Have you guys heard about the entire field of study that is aerospace
medicine? I’m taking a course on it this semester (I’m a masters student in
aerospace engineering)–let me summarize some of the problems that your body
goes through during space travel.

Humans spend about 70% of their time either standing or sitting. That means
the human body is optimized for a hydrostatic pressure gradient like the one
illustrated here
([http://wiki.sdstate.edu/@api/deki/files/999/=1-BP_Change.png](http://wiki.sdstate.edu/@api/deki/files/999/=1-BP_Change.png)).
Blood pressure is much higher at your feet than at your head. In space,
however, there is no gravity to produce this gradient, so the cardiovascular
system equalizes its pressure. That’s why astronauts suffer from “puffy face”
(higher-than-usual fluid pressures in head) and “chicken legs” (lower-than-
usual fluid pressures in legs). In their first couple days in space,
astronauts lose about 1L of leg volume from each leg.

The CV system relies on internal pressure sensors to figure out how to
operate, and the new pressure distribution confuses it. Astronauts lose a lot
of blood plasma–it sort of ends up absorbed into the surrounding tissues. This
increases the relative concentration of red blood cells, which triggers the
body to slow down production of new ones. Also, the heart atrophies because it
doesn’t need to pump as hard to move liquid around the body.

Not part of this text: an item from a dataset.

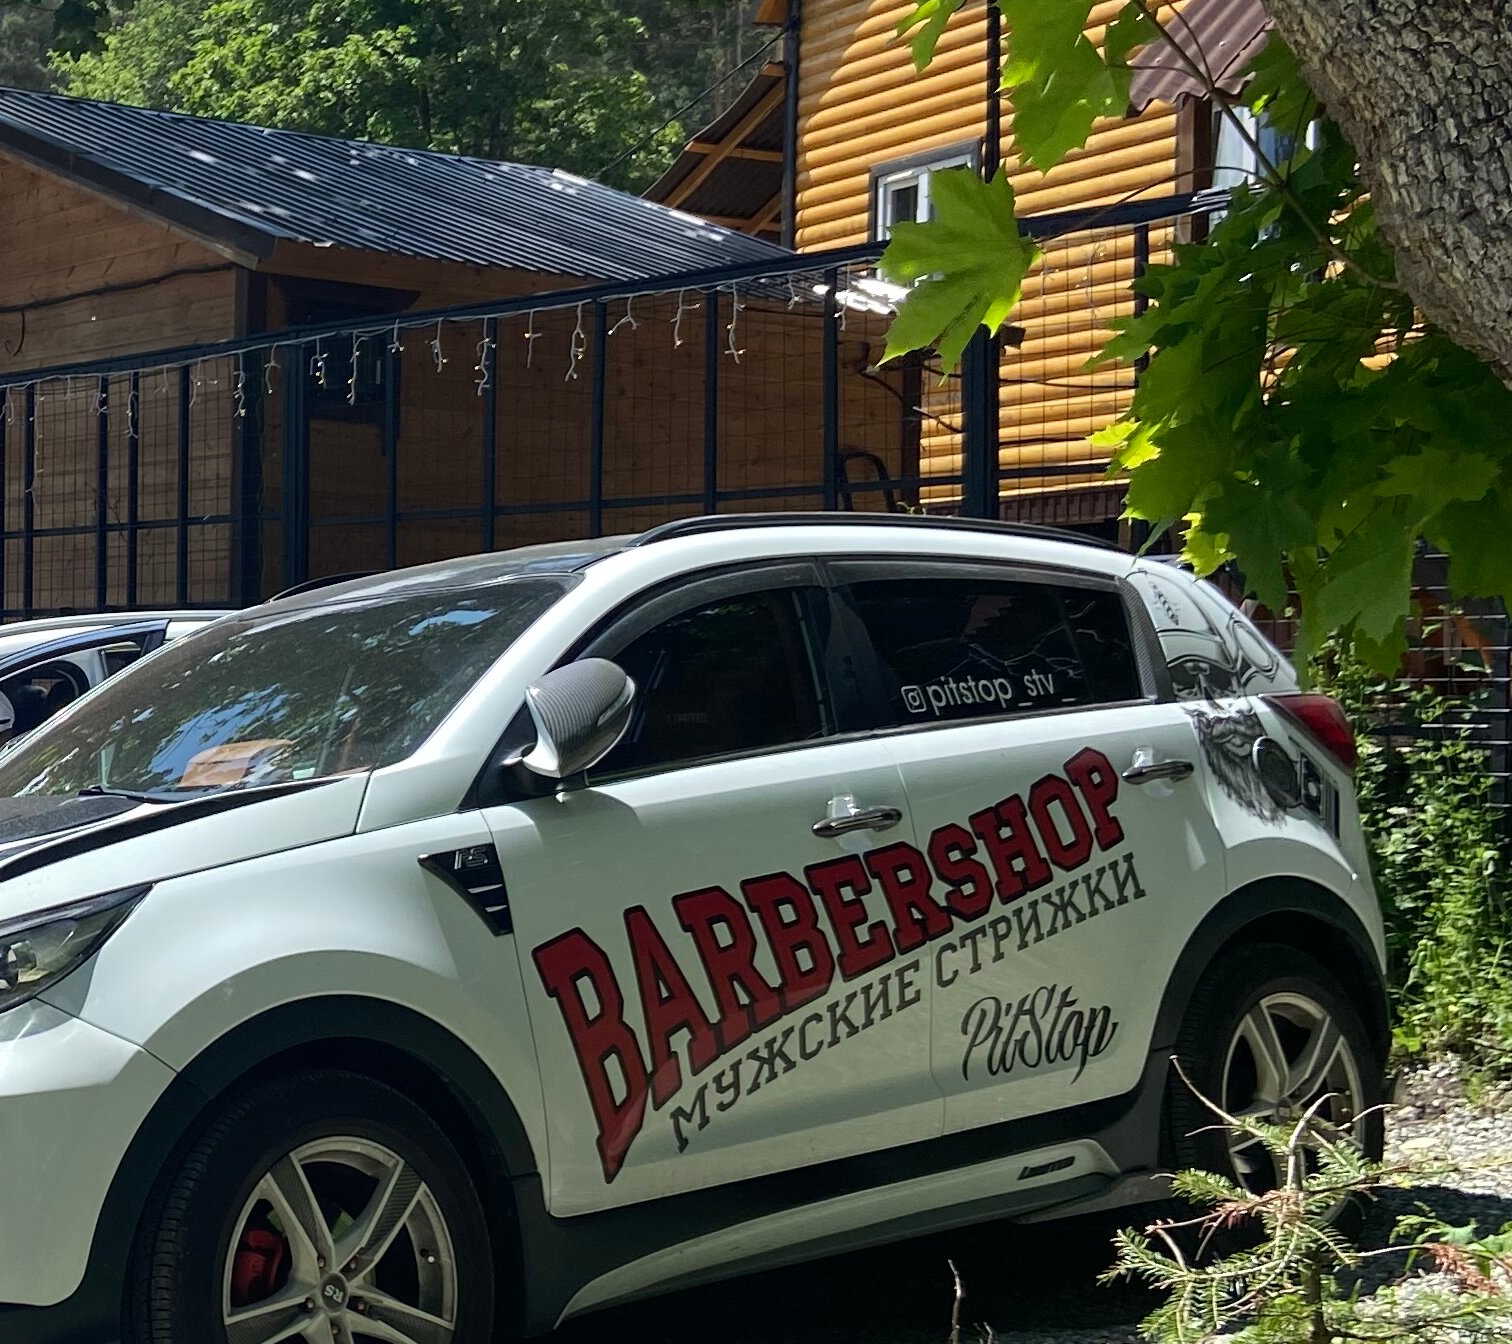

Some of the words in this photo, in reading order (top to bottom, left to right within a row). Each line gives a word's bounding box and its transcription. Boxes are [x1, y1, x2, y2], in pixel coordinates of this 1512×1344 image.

When you come back from space, your body needs to rapidly readapt from
microgravity to one gee. It is not very good at doing that. That’s why 63% of
astronauts are unable to stand for ten minutes straight just after their
return from short-duration space missions (see video:
[https://www.youtube.com/watch?v=TPDST7EePXQ](https://www.youtube.com/watch?v=TPDST7EePXQ)).

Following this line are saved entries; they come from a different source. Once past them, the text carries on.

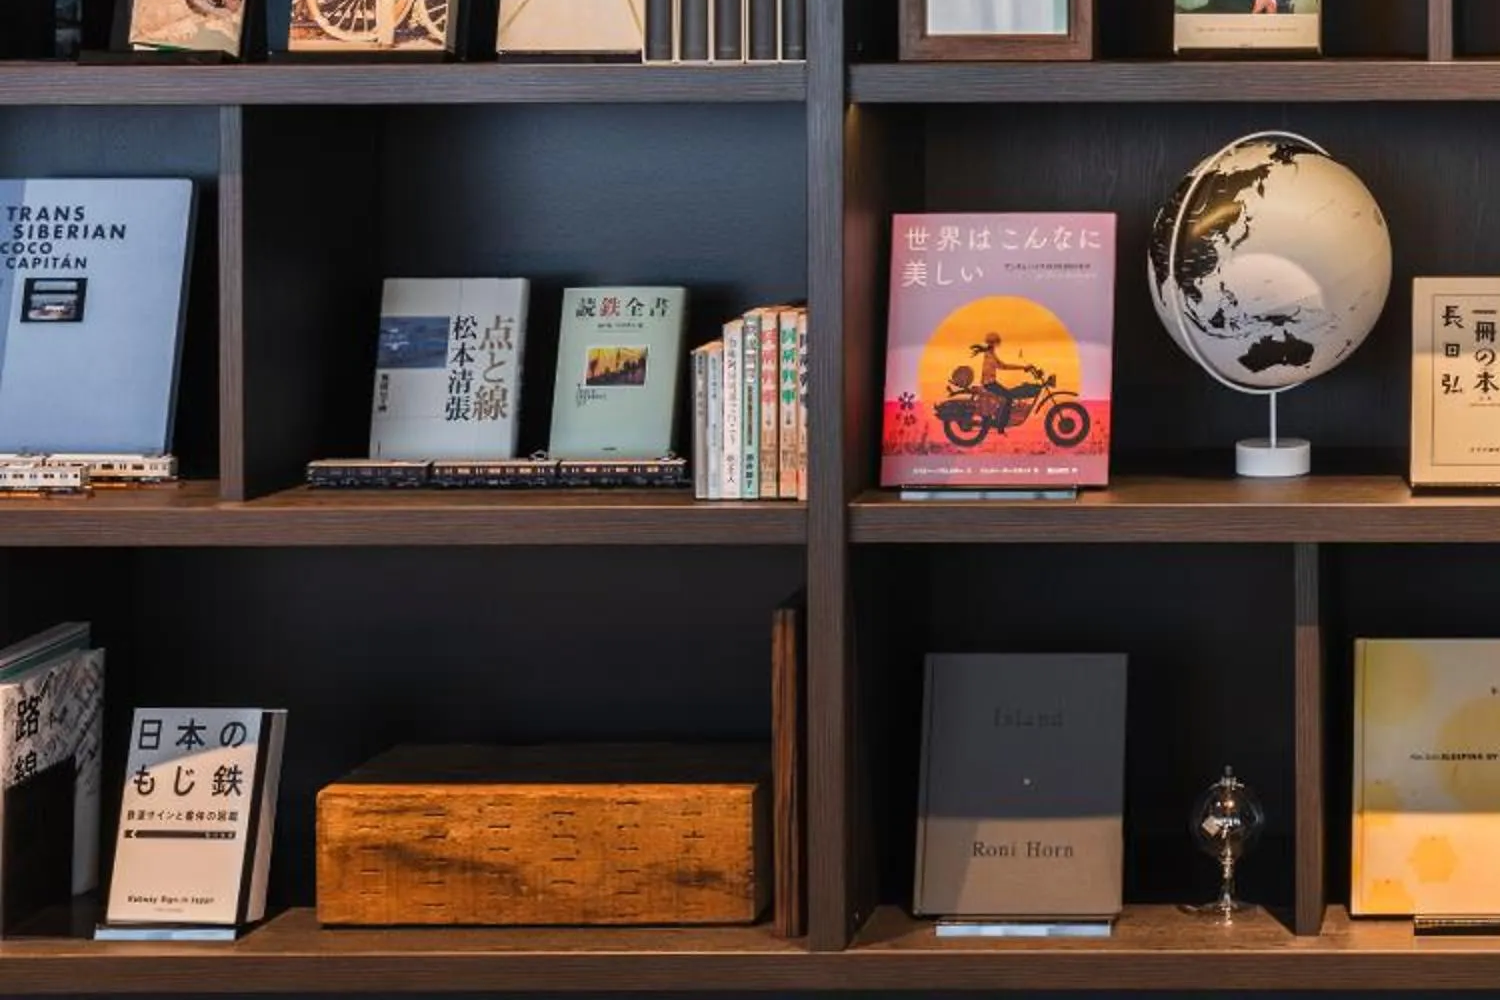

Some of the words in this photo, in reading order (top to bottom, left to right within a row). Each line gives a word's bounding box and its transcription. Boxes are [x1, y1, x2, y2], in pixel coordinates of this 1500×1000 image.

[6, 205, 86, 222] TRANS
[12, 223, 127, 241] SIBERIAN
[905, 226, 1102, 252] 世界はこんなに
[0, 241, 53, 255] COCO
[5, 253, 89, 270] CAPITÁN
[902, 261, 985, 287] 美しい
[576, 296, 671, 318] 読鉄全書
[1441, 304, 1465, 395] 長田弘
[1472, 308, 1500, 393] 一冊の本
[444, 314, 478, 421] 松本清張
[473, 314, 515, 421] 点と線
[138, 718, 247, 750] 日本の
[133, 764, 243, 797] もじ鉄
[972, 841, 1016, 857] Roni
[1026, 841, 1074, 858] Horn

There are other problems: the cells that are constantly building and
destroying your bones fall out of alignment when you’re in microgravity,
causing astronauts’ bones to change structure in a way that looks a lot like
accelerated aging. Why? Not clear, but possibly related to the lack of
repeated loading, as happens when you stand/walk in normal gravity. Astronauts
end up with huge concentrations of calcium in their blood, which causes kidney
stones. Astronauts in space average around 4 hours of sleep per night, and
very few of them eat enough calories to maintain their body weight, so they
lose muscle mass.

Aerospace medicine is about half medical studies of astronauts and half
studies of people on earth. It turns out that you can make most of these body
changes happen by having people lie on their backs with the bed tilted down
six degrees (head downward). Fascinating field. If you want to know more, I
recommend the textbook “Space Physiology” by Jay Buckey (amazon link here:
[http://smile.amazon.com/Space-Physiology-Jay-C-
Buckey/dp/019...](http://smile.amazon.com/Space-Physiology-Jay-C-
Buckey/dp/0195137256?tag=s4charity-20)).